In un periodo storico nel quale è al centro di svariate polemiche su fake news e fake images, Facebook spiega per la prima volta come funziona il suo sistema di scoperta immagini quasi a volersi smarcare dalle critiche piovute negli ultimi mesi. Partendo dal presupposto che molti tag considerati non veritieri sono stati oscurati (come #vaccinescauseautism o altri sui generis), rimane l’attenzione su quello che l’azienda ci propone come interessante e quanto sia veritiero nei nostri confronti posto il fatto che se qualcosa non ci piace e non vogliamo rivederlo nel nostro feed basta flaggarlo con “vedi meno post come questo”.

Il contenuto presentato nella scheda Explore è una piccola selezione scelta tra i miliardi di immagini e video caricati dagli utenti e Instagram utilizza il Machine Learning per determinare quali contenuti siano più rilevanti per l’utente. Ma come funziona? Attraverso l’Intelligenza Artificiale il sistema seleziona alcuni account (seeds account) sulla base di quelli che già seguiamo o che non seguiamo ma con i quali interagiamo (ad esempio mettendo mi piace, commentando o salvando il post che hanno condiviso), molto simili per contenuti, e che quindi potrebbero risultarci interessanti; non è chiaro quanti account siano effettivamente cercati – se dieci, cento, mille, un milione – resta il fatto che la AI continua a cercare batch simili al primo risultato e poi si ferma per lasciare spazio al passaggio successivo, ovvero la scrematura dei contenuti.
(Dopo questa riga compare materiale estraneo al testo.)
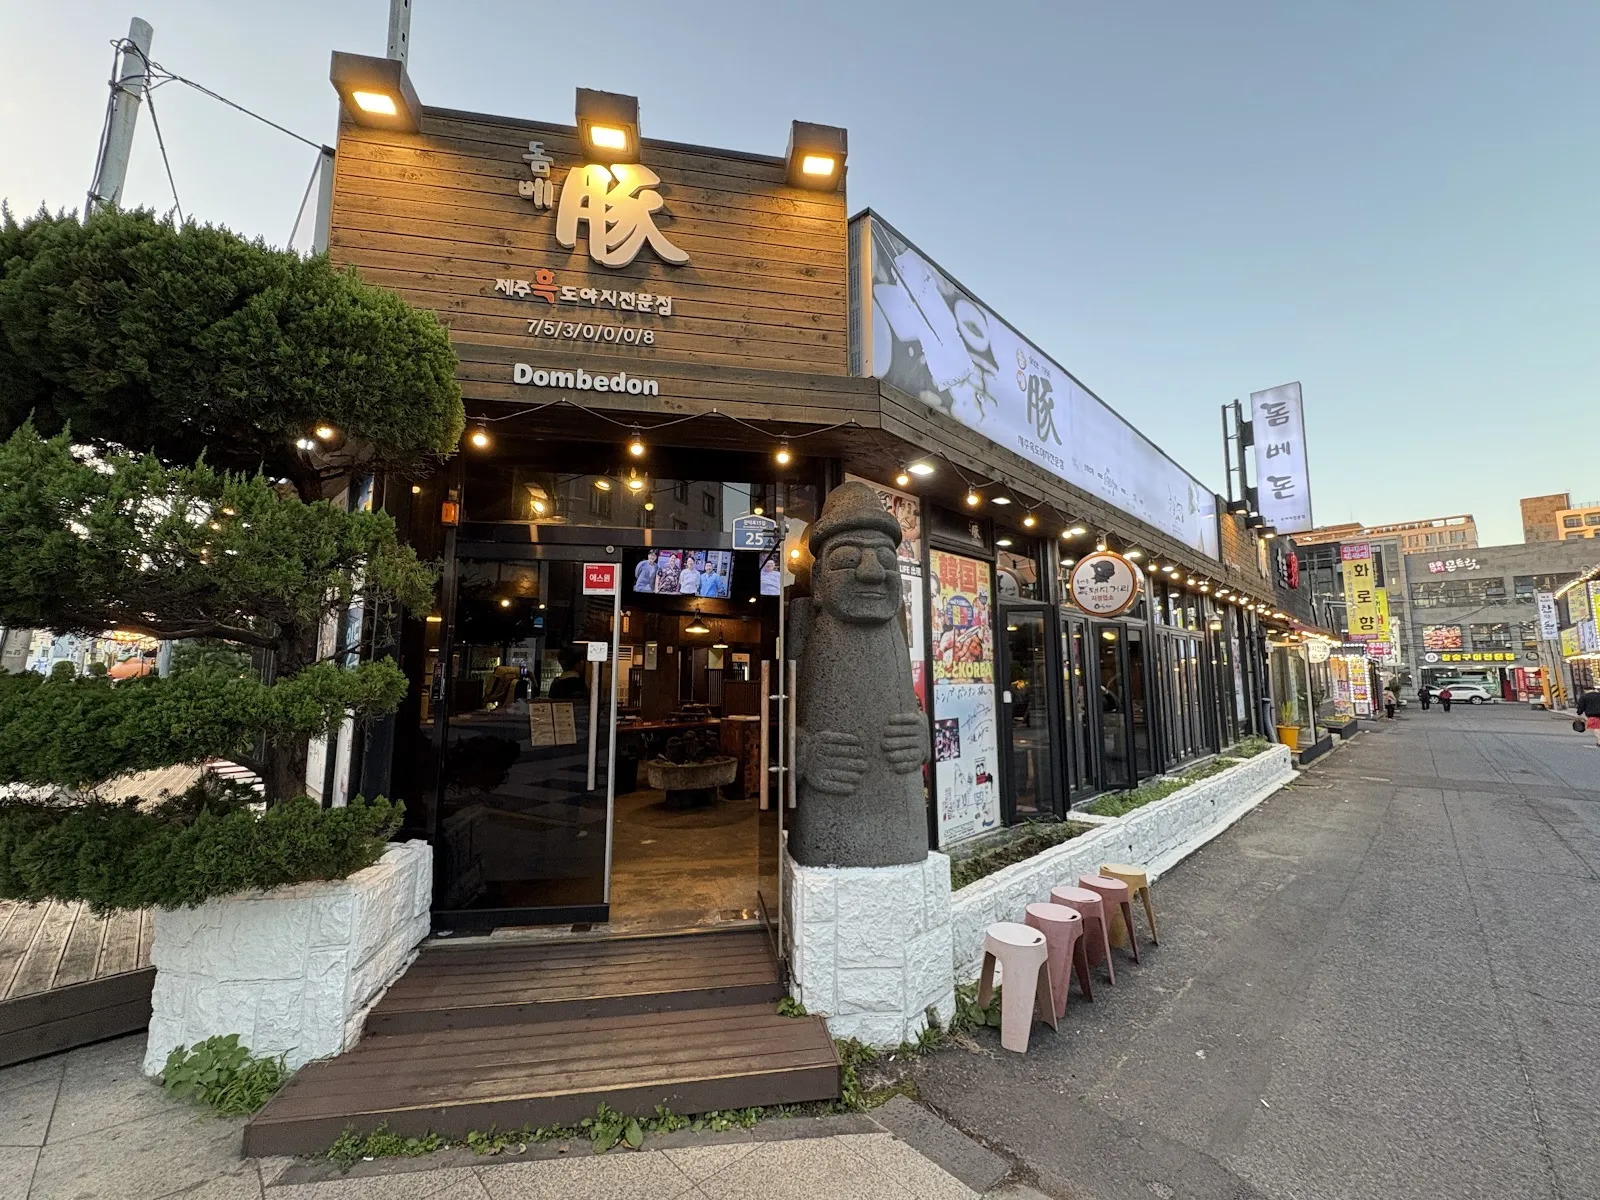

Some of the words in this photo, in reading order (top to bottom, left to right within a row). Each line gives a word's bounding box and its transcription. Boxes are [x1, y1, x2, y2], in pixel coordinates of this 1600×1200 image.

[526, 318, 655, 345] 7/5/3/0/0/0/8
[513, 362, 660, 397] Dombedon
[1259, 401, 1296, 500] 돔베돈
[745, 532, 764, 546] 25
[588, 573, 612, 583] 에스원
[1353, 562, 1376, 631] 화로향
Una volta determinati i seeds account, la AI passa ad analizzare i singoli post. La scrematura avviene in tre passaggi: dei primi 500 post ne vengono selezionati 150, poi 50 e alla fine del procedimento il sistema neurale di Facebook ne tiene solamente 25. Ma per mantenere viva la scheda Explore senza che i contenuti siano ridondanti è previsto anche il downrank dei post dello stesso autore o dello stesso account seed, in modo da non visualizzare più post della stessa persona o dello stesso account e mantenere così una buona varietà.

In tutto questo procedimento Facebook assicura che, attraverso il Machine Learning, vengono anche filtrati i contenuti identificati come non idonei e che potrebbero violare le politiche della piattaforma, le fake news e lo spam. Non specifica però il “come”.